Background: Interferon-gamma is a key cytokine in the protective responses against intracellular pathogens. A single nucleotide polymorphism (SNP) located in the first intron of the human IFN-gamma gene can putatively influence the secretion of cytokine with an impact on infection outcome as demonstrated for tuberculosis and other complex diseases. Our aim was to investigate the putative association of IFNG+874T/A SNP with American tegumentary leishmaniasis (ATL) and also the influence of this SNP in the secretion of IFN-gamma in vitro.

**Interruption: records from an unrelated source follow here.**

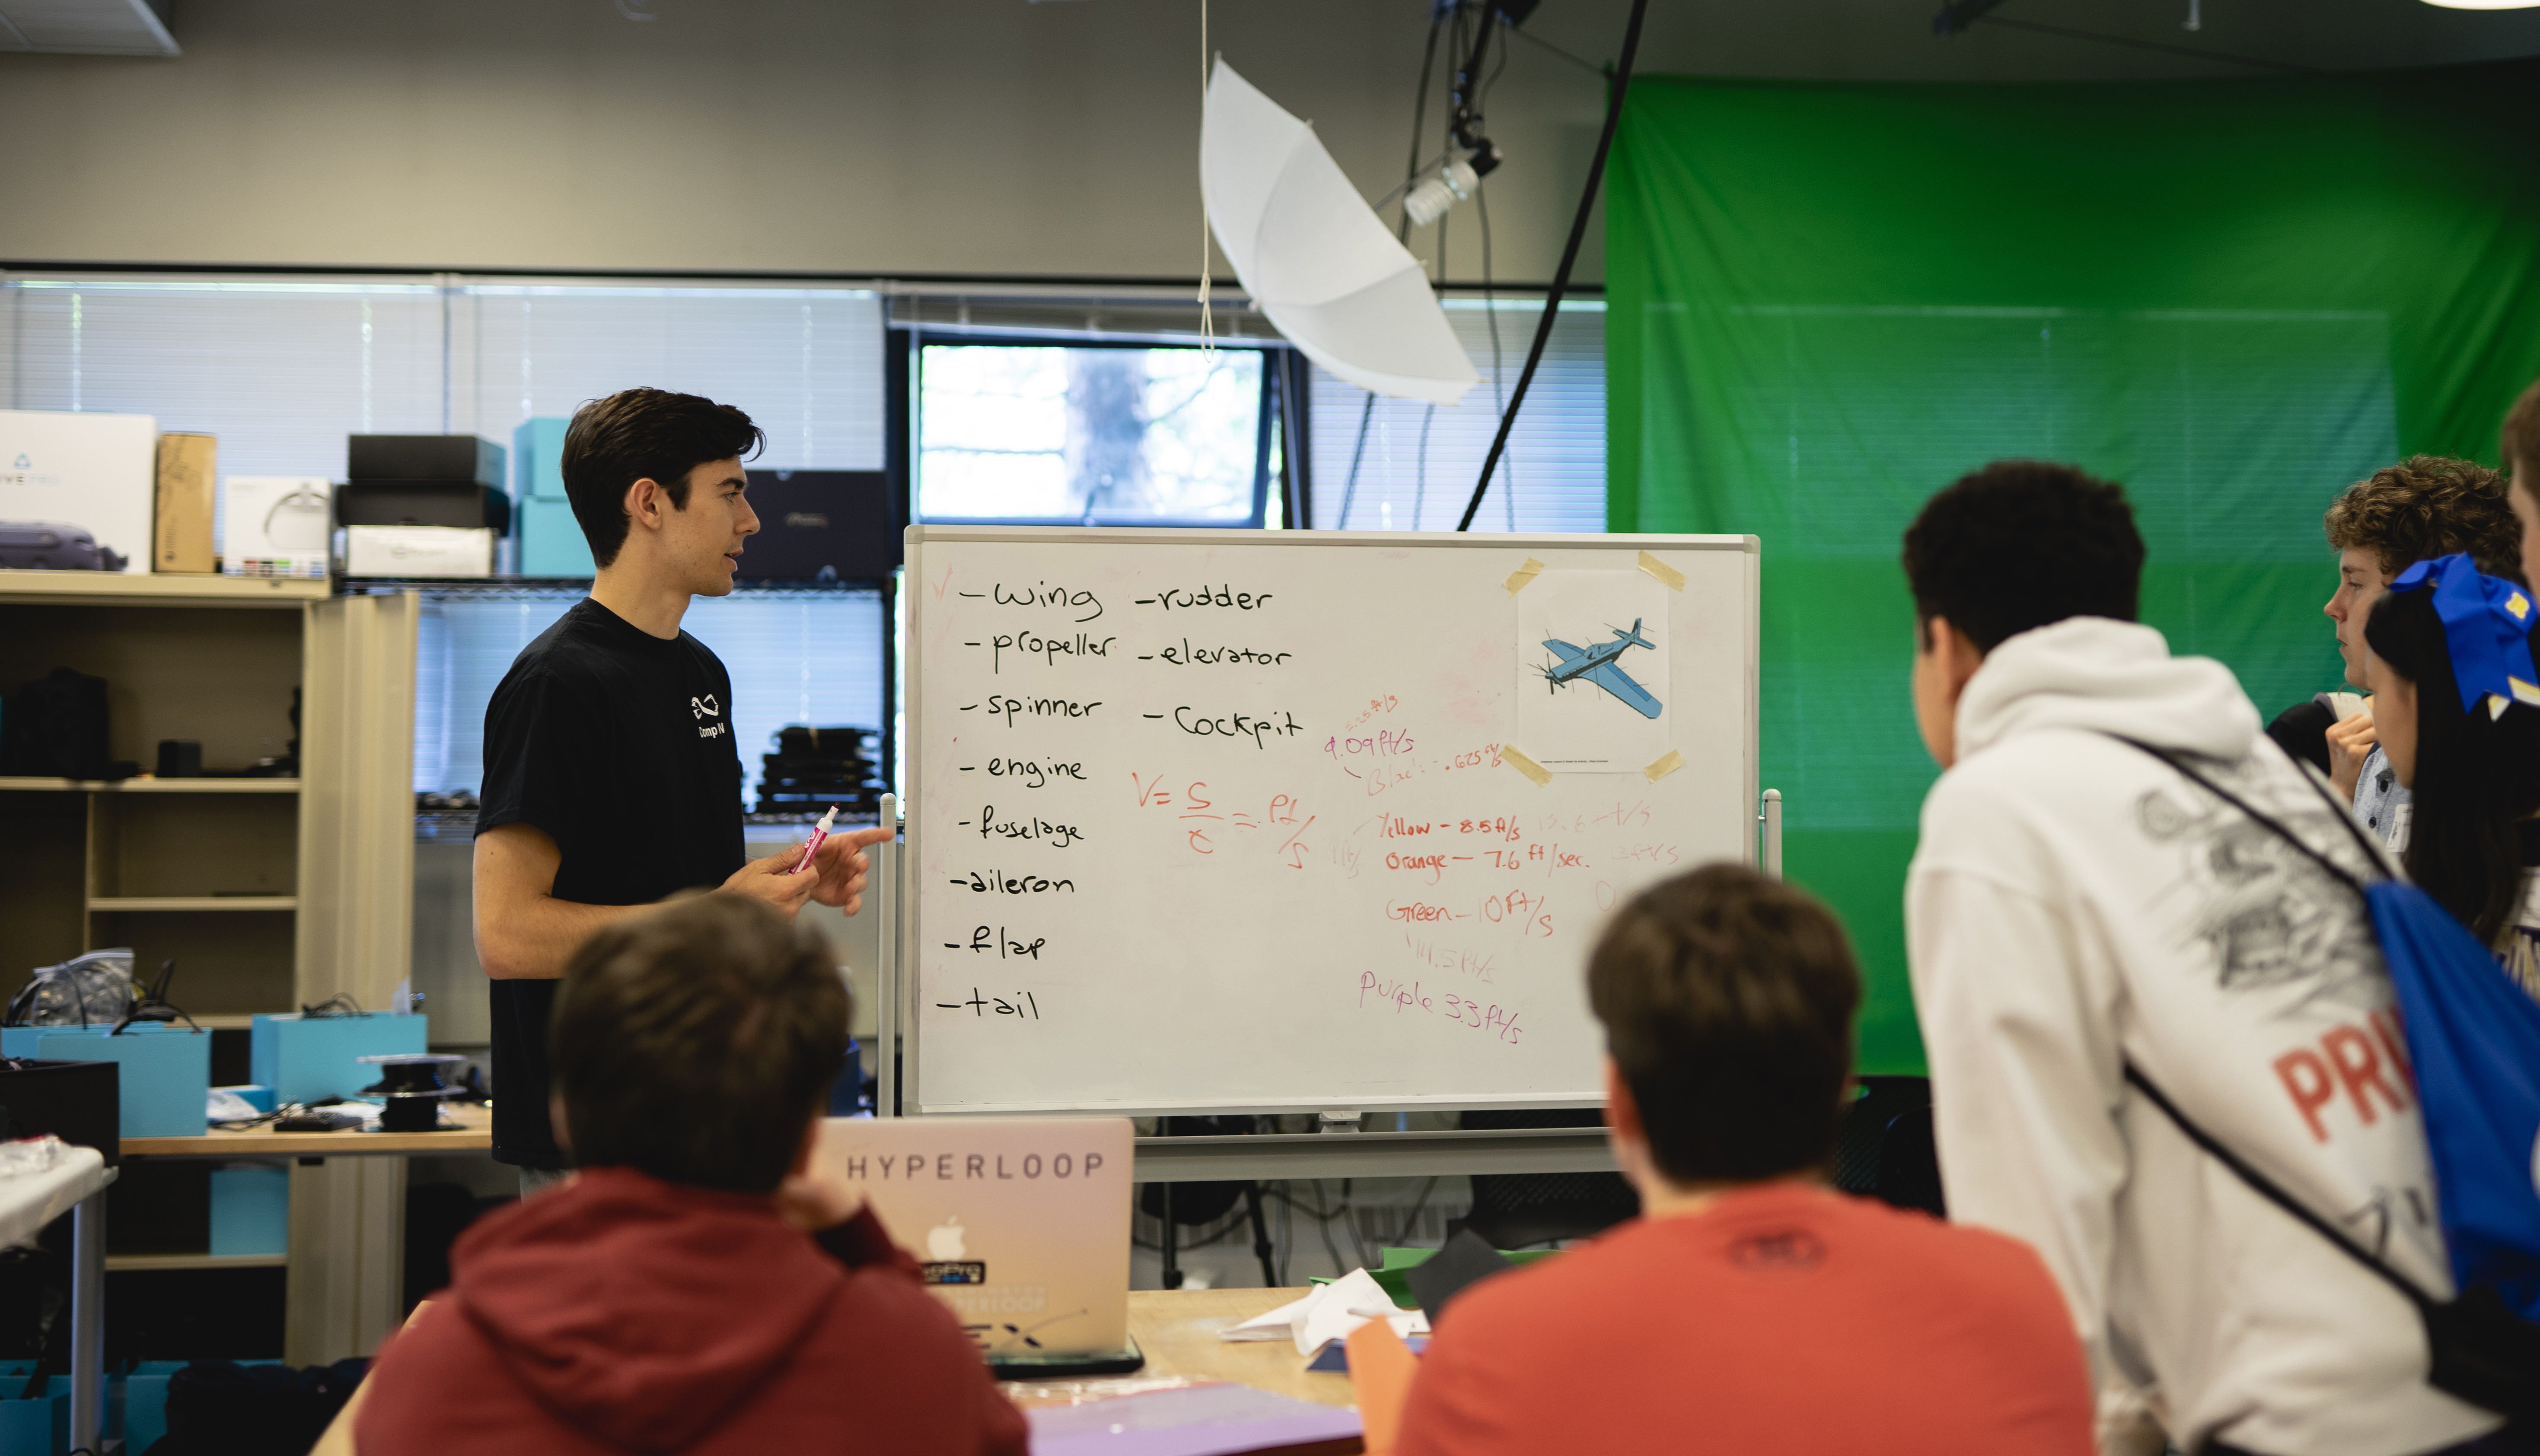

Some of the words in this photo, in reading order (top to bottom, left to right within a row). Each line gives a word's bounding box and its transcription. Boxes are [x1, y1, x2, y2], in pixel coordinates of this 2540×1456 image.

[993, 630, 1117, 675] propeller
[988, 695, 1103, 728] spinner
[698, 726, 718, 738] Comp
[987, 756, 1088, 789] engine
[1385, 851, 1448, 886] Orange
[1386, 899, 1453, 924] Green
[847, 1152, 1104, 1180] HYPERLOOP

Methods: Brazilian ATL patients (78 cutaneous, CL, and 58 mucosal leishmaniasis, ML) and 609 healthy volunteers were evaluated. The genotype of +874 region in the IFN-gamma gene was carried out by Amplification Refractory Mutational System (ARMS-PCR). Leishmania-induced IFN-gamma production on peripheral blood mononuclear cell (PBMC) culture supernatants was assessed by ELISA.
Results: There are no differences between +874T/A SNP frequency in cases and controls or in ML versus CL patients. Cutaneous leishmaniasis cases exhibiting AA genotype produced lower levels of IFN-gamma than TA/TT genotypes. In mucosal cases, high and low IFN-gamma producers were clearly demonstrated but no differences in the cytokine production was observed among the IFNG +874T or A carriers.
Conclusion: Our results suggest that +874T/A polymorphism was not associated with either susceptibility or severity to leishmaniasis. Despite this, IFNG +874T/A SNP could be involved in the pathogenesis of leishmaniasis by influencing the amount of cytokine released by CL patients, although it could not prevent disease development. On the other hand, it is possible that in ML cases, other potential polymorphic regulatory genes such as TNF-alpha and IL-10 are also involved thus interfering with IFN-gamma secretion.